##### Data listing

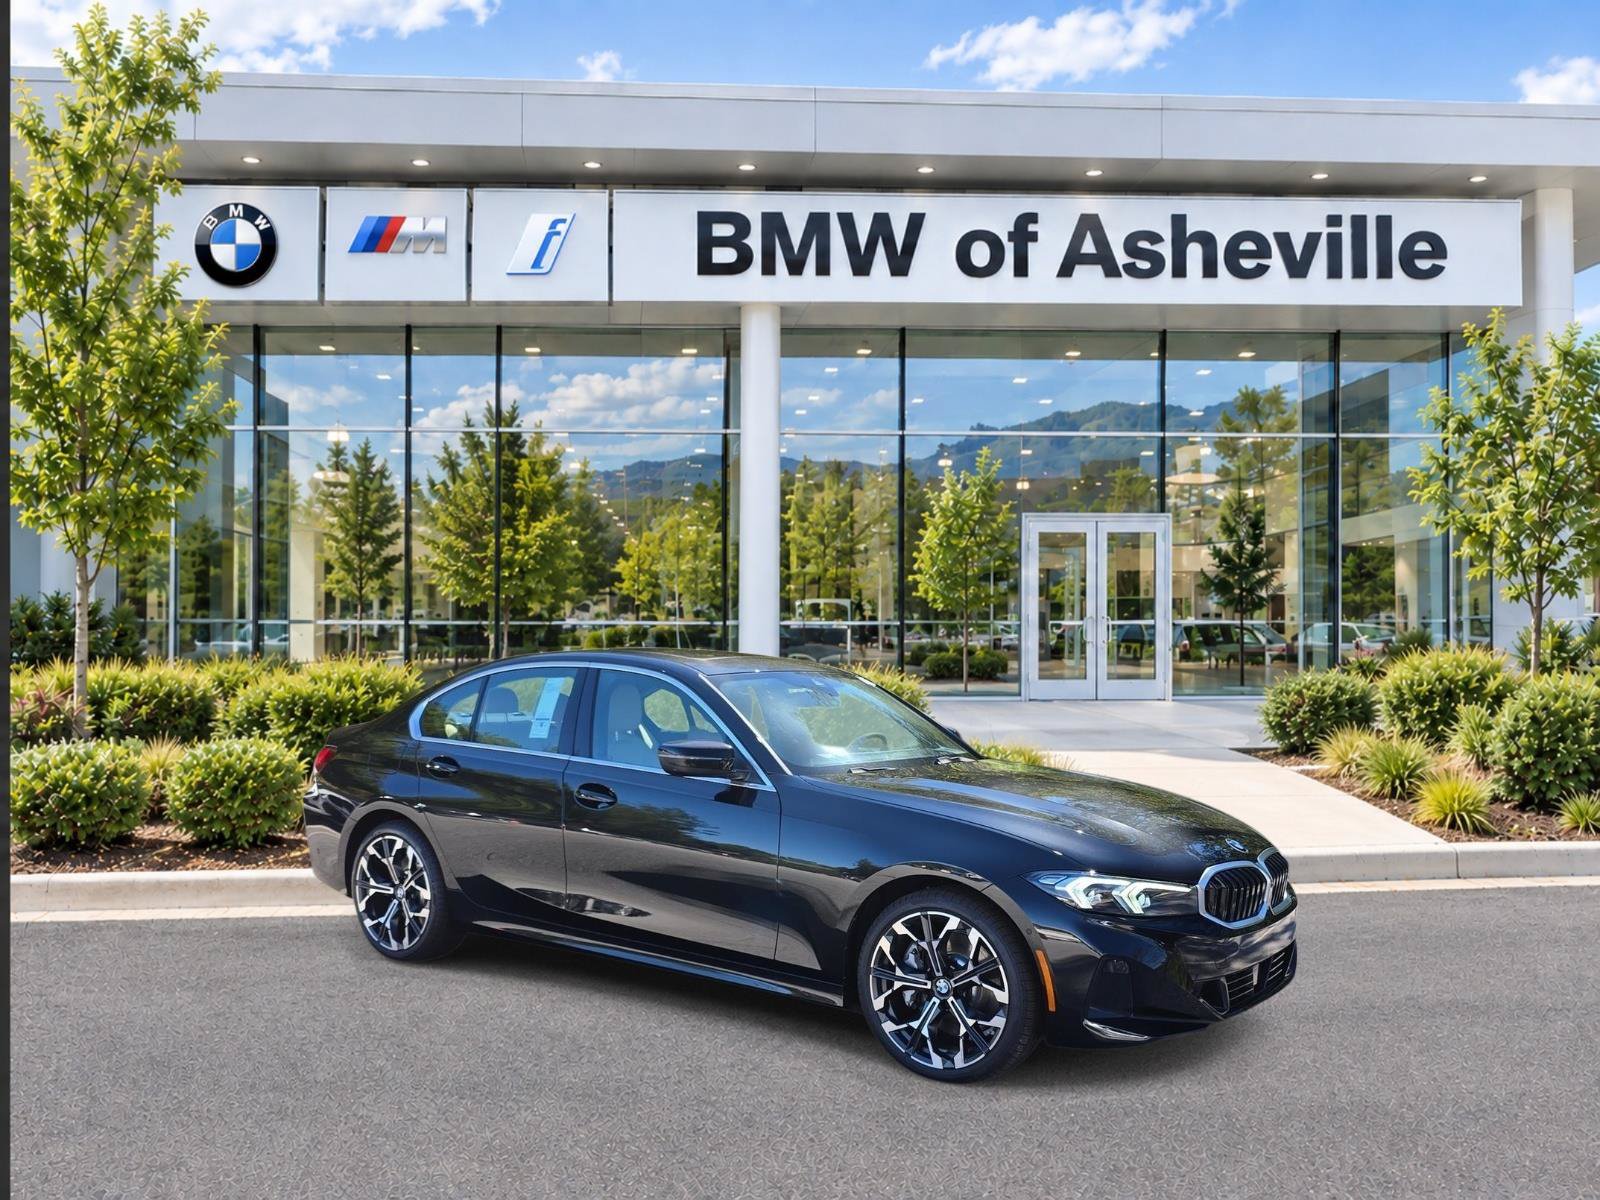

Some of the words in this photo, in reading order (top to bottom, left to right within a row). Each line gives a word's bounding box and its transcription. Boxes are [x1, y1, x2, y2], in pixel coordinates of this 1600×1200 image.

[203, 204, 271, 231] BMW
[389, 216, 447, 253] M
[697, 210, 926, 277] BMW
[955, 212, 1038, 278] of
[1056, 213, 1448, 280] Asheville

##########

*Exercise instructions*: Repeat each line of the material exactly, please, and skip every picture.

*Answer to the exercise*:
Some of the words in this photo, in reading order (top to bottom, left to right within a row). Each line gives a word's bounding box and its transcription. Boxes are [x1, y1, x2, y2], in pixel coordinates of this 1600×1200 image.

[203, 204, 271, 231] BMW
[389, 216, 447, 253] M
[697, 210, 926, 277] BMW
[955, 212, 1038, 278] of
[1056, 213, 1448, 280] Asheville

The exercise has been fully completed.